Determination of the potential of induced pluripotent stem cells to differentiate into mouse nucleus pulposus cells in vitro.

We determined the potential for induced pluripotent stem (iPS) cells to differentiate into nucleus pulposus (NP)-like cells in mice. iPS cells were generated from tail-tip fibroblasts. We used a pellet culture model with the aim of determining the applicability of iPS cell-based therapy to intervertebral disc degeneration (IVD). The cell pellet was cultured in an NP cell basal medium comprising Dulbecco's modified Eagle's medium supplemented with transforming growth factor beta 1, dexamethasone, ascorbate-2-phosphate, and 1% ITS-Premix.

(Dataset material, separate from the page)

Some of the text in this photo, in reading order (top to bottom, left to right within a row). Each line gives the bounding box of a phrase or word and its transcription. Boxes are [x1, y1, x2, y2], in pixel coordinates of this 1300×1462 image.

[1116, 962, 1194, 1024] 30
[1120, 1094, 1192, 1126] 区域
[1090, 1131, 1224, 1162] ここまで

The pellet was evaluated by quantitative reverse transcription polymerase chain reaction, immunohistochemical staining, and biochemical composition. The differentiation of iPS cells into NP cells was demonstrated by the protein and mRNA expression levels of proteoglycan, collagen II, aggrecan, and CD24. Furthermore, increased hydroxyproline content and dimethylmethylene blue staining demonstrated that the collagen II and glycosaminoglycan content in the NP cells increased with time. We have shown that cultured mouse iPS cells can be induced to differentiate into NP cells. Such proof-of-concept opens up the possibility of producing patient-specific NP cells in a relatively simple and straightforward manner with high efficiency. We are confident that such cells could be immediately useful for the study of IVD disease.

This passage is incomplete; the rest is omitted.